I can't say I'm one who is afraid of change, but these are things I need to remind myself of frequently. While reading this book, I asked myself which character I am the most like. Am I Sniff who can easily predict changes and new trends? Am I Scurry who is quick to change when necessary? Am I Haw who drags my feet and refuses to change until I run out of options, or am I Hem who refuses to change no matter the cost? I still can't answer that with complete certainty, but I'm almost certain I am a Sniff. I can ususally see change before it comes, but I don't typically do anything about it. I wish I could be more like Scurry while retaining the characteristics of Sniff. Sometimes I need to hurry up and change so my vision can be realized.
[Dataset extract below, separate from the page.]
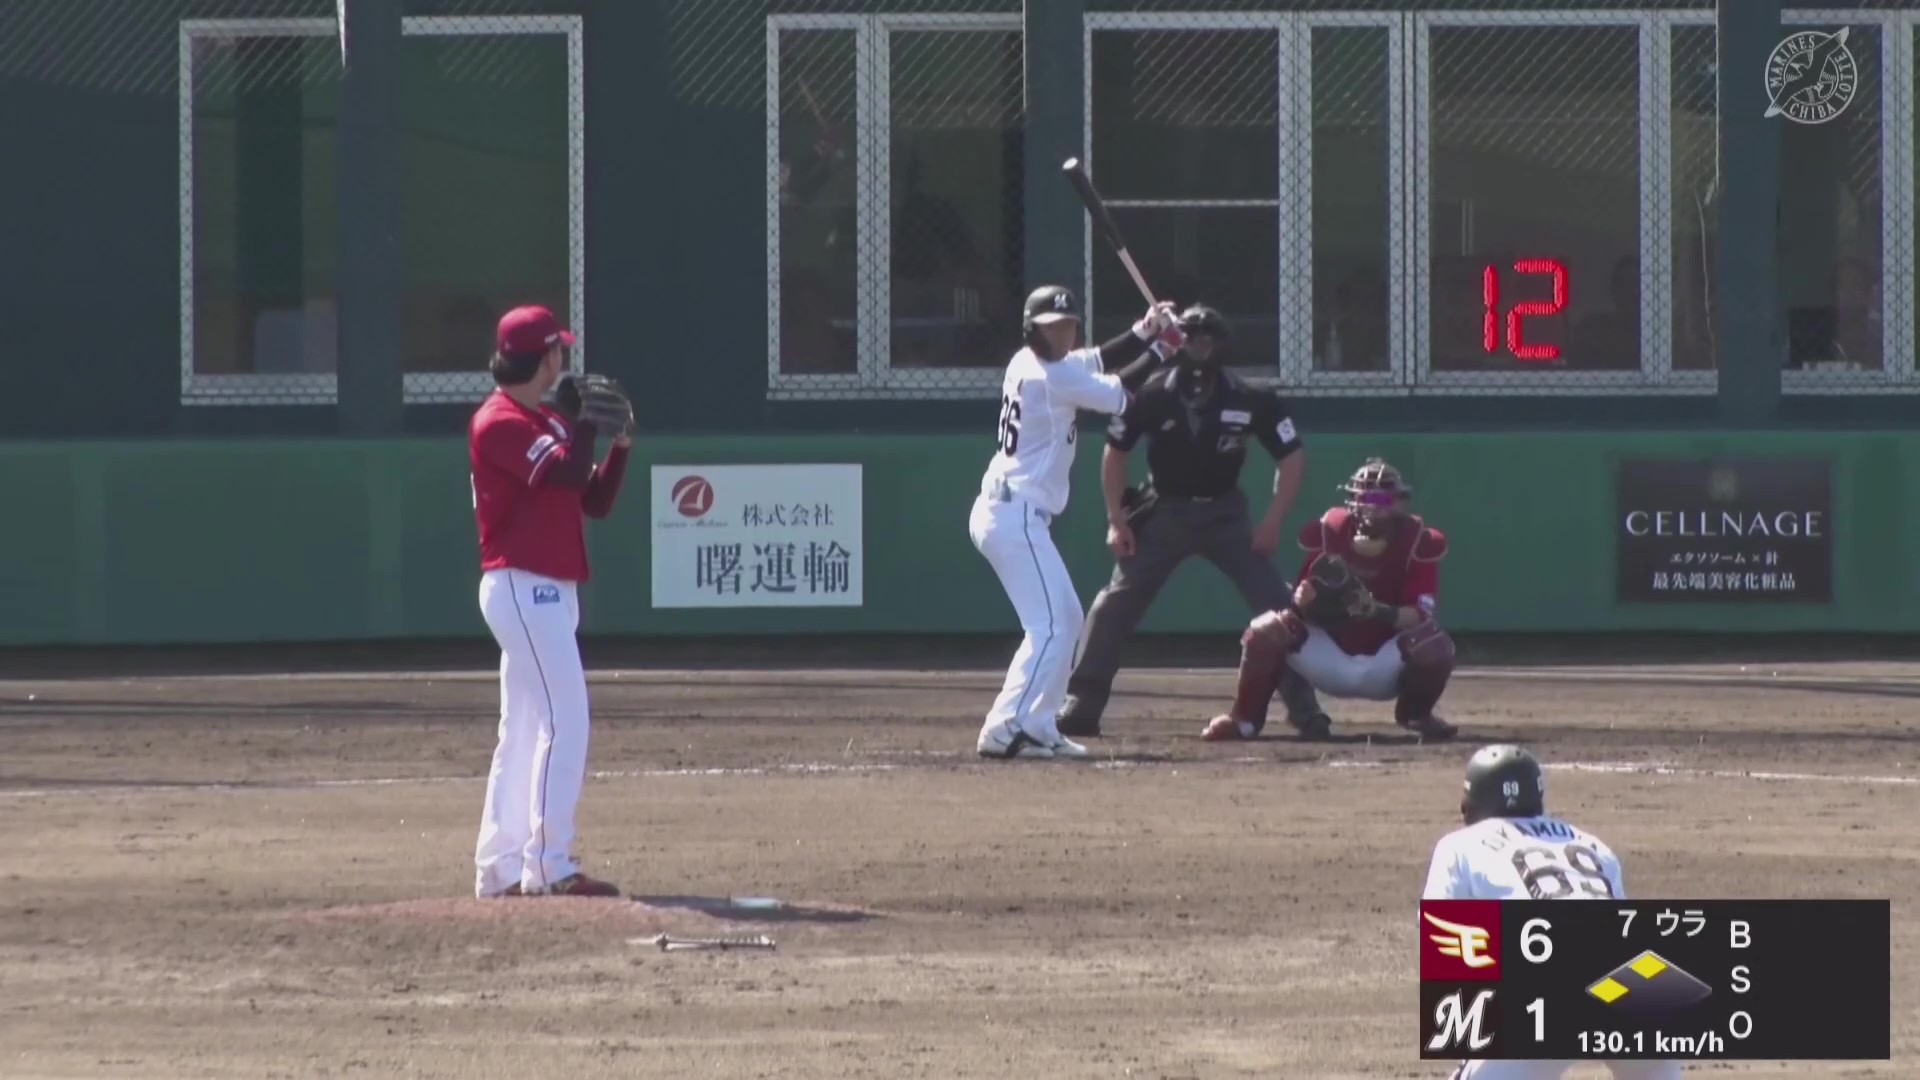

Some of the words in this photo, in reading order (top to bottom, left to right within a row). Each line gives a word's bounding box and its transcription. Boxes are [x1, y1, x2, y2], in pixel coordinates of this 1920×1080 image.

I have ideas of how I can currently implement change in my life, with this cake thing being one of those areas to change, and I'm trying. I really am, but reprogramming your brain to naturally respond differently is difficult. I had this discussion yesterday with co-workers. One of them said it takes a full thirty days of doing something differently to be able to do it effortlessly. I guess the question to ask myself is, "How committed am I?" To quote the great poet Steve Miller in his song Jet Airliner, "You know you got to go through Hell before you get to Heaven."

Thirty days. Time to turn over that hour glass.

Sunday, March 20, 2011

I Have a Website

So Step #5, "Con Ex-Boyfriend Into Building a Website" is complete. Well, it's on its way to complete, anyway. I purchased the registration of a URL for a couple of years, he set up a basic page, and is letting me use his server for awhile. It's not fancy yet, but go ahead and visit the site and add it to your bookmarks:

JessicaLikesCake.com

I need some traffic before Google will pick it up and add it to their search results, I guess. I still don't know how that all works, but apparently, I'm going to learn. I was doing some reading about fondant icing earlier tonight, and after this post is complete, I'm going to do some reading about web design. My ex said it's easy. If I can manage a blog and competently run Facebook, then I should be able to do a website. I suppose we'll see about that.

I baked a cake yesterday and was pretty unhappy with the its texture and the decor, but was well-received at Poker Night. If they all liked it, then I must have done something right. I wish I could post a picture, but all of the pictures are on my phone, the card adapter is at work, and I have no cell service at my house, so e-mailing it to myself is out-of-the-question. I'll let you see it tomorrow. :o) I have to admit, I was kind of embarrassed by the poker table cake. It was good, but I didn't feel it was great. I just read another cake decorator's blog and it was reassuring because she said that the perfect cake doesn't exist. No matter how great the baker is, there will always be at least one thing wrong with every cake. I just have to accept it, fix the mistakes the best I can, and then move on. I'm learning to laugh at myself, which is good.

I really do need to finish unpacking my condo, but I'm so excited to try some new recipes this week. I didn't know how the higher elevation would affect the cake's texture, exactly, but now I have a better idea of what to do differently. I think I'm going to bake a few and have a taste testing party at work. I can't wait.